» Information shown
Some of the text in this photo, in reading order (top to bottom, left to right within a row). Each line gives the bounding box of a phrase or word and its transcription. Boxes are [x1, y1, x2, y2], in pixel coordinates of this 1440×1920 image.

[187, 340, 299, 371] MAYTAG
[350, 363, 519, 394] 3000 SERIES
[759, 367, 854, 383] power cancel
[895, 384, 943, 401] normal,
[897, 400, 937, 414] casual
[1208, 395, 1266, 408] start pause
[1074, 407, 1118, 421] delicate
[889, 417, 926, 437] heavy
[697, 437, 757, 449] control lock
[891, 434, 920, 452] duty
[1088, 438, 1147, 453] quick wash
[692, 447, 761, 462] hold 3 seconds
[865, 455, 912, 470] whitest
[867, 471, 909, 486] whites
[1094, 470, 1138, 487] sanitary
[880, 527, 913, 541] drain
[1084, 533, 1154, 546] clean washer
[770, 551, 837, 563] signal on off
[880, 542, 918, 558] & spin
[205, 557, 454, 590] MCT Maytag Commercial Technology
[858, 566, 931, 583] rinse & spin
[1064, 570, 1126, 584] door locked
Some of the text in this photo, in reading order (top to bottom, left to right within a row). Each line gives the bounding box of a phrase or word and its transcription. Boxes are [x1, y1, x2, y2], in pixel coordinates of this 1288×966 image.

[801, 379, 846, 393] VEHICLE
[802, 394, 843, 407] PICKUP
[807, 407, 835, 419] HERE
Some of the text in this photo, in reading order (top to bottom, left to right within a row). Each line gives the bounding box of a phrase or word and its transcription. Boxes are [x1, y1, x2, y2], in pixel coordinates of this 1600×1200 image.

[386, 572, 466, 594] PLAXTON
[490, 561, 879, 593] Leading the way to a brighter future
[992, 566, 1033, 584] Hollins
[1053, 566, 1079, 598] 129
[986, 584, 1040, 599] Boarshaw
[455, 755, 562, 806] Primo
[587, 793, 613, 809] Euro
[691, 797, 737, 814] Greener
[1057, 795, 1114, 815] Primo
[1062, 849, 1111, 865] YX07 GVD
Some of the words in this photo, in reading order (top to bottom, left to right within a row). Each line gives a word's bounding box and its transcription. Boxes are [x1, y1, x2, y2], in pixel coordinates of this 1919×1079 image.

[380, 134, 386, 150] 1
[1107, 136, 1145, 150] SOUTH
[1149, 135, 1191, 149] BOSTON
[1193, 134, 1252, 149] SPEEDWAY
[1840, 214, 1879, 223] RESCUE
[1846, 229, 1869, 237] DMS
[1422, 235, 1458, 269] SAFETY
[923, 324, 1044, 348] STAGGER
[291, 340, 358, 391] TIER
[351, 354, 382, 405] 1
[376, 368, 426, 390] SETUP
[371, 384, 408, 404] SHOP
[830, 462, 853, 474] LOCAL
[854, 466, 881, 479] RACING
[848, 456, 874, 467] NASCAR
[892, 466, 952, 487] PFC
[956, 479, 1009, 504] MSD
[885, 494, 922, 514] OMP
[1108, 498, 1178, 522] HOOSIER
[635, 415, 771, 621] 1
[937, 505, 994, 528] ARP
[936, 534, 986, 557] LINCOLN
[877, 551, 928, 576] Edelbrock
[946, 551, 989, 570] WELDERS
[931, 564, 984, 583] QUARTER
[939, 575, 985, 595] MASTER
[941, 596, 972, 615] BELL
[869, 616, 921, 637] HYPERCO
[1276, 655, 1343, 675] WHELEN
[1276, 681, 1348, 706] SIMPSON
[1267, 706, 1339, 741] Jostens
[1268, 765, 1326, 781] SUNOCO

» Description of the task
Without omission, retype the full listing shown above.

» Expected output
Some of the text in this photo, in reading order (top to bottom, left to right within a row). Each line gives the bounding box of a phrase or word and its transcription. Boxes are [x1, y1, x2, y2], in pixel coordinates of this 1440×1920 image.

[187, 340, 299, 371] MAYTAG
[350, 363, 519, 394] 3000 SERIES
[759, 367, 854, 383] power cancel
[895, 384, 943, 401] normal,
[897, 400, 937, 414] casual
[1208, 395, 1266, 408] start pause
[1074, 407, 1118, 421] delicate
[889, 417, 926, 437] heavy
[697, 437, 757, 449] control lock
[891, 434, 920, 452] duty
[1088, 438, 1147, 453] quick wash
[692, 447, 761, 462] hold 3 seconds
[865, 455, 912, 470] whitest
[867, 471, 909, 486] whites
[1094, 470, 1138, 487] sanitary
[880, 527, 913, 541] drain
[1084, 533, 1154, 546] clean washer
[770, 551, 837, 563] signal on off
[880, 542, 918, 558] & spin
[205, 557, 454, 590] MCT Maytag Commercial Technology
[858, 566, 931, 583] rinse & spin
[1064, 570, 1126, 584] door locked
Some of the text in this photo, in reading order (top to bottom, left to right within a row). Each line gives the bounding box of a phrase or word and its transcription. Boxes are [x1, y1, x2, y2], in pixel coordinates of this 1288×966 image.

[801, 379, 846, 393] VEHICLE
[802, 394, 843, 407] PICKUP
[807, 407, 835, 419] HERE
Some of the text in this photo, in reading order (top to bottom, left to right within a row). Each line gives the bounding box of a phrase or word and its transcription. Boxes are [x1, y1, x2, y2], in pixel coordinates of this 1600×1200 image.

[386, 572, 466, 594] PLAXTON
[490, 561, 879, 593] Leading the way to a brighter future
[992, 566, 1033, 584] Hollins
[1053, 566, 1079, 598] 129
[986, 584, 1040, 599] Boarshaw
[455, 755, 562, 806] Primo
[587, 793, 613, 809] Euro
[691, 797, 737, 814] Greener
[1057, 795, 1114, 815] Primo
[1062, 849, 1111, 865] YX07 GVD
Some of the words in this photo, in reading order (top to bottom, left to right within a row). Each line gives a word's bounding box and its transcription. Boxes are [x1, y1, x2, y2], in pixel coordinates of this 1919×1079 image.

[380, 134, 386, 150] 1
[1107, 136, 1145, 150] SOUTH
[1149, 135, 1191, 149] BOSTON
[1193, 134, 1252, 149] SPEEDWAY
[1840, 214, 1879, 223] RESCUE
[1846, 229, 1869, 237] DMS
[1422, 235, 1458, 269] SAFETY
[923, 324, 1044, 348] STAGGER
[291, 340, 358, 391] TIER
[351, 354, 382, 405] 1
[376, 368, 426, 390] SETUP
[371, 384, 408, 404] SHOP
[830, 462, 853, 474] LOCAL
[854, 466, 881, 479] RACING
[848, 456, 874, 467] NASCAR
[892, 466, 952, 487] PFC
[956, 479, 1009, 504] MSD
[885, 494, 922, 514] OMP
[1108, 498, 1178, 522] HOOSIER
[635, 415, 771, 621] 1
[937, 505, 994, 528] ARP
[936, 534, 986, 557] LINCOLN
[877, 551, 928, 576] Edelbrock
[946, 551, 989, 570] WELDERS
[931, 564, 984, 583] QUARTER
[939, 575, 985, 595] MASTER
[941, 596, 972, 615] BELL
[869, 616, 921, 637] HYPERCO
[1276, 655, 1343, 675] WHELEN
[1276, 681, 1348, 706] SIMPSON
[1267, 706, 1339, 741] Jostens
[1268, 765, 1326, 781] SUNOCO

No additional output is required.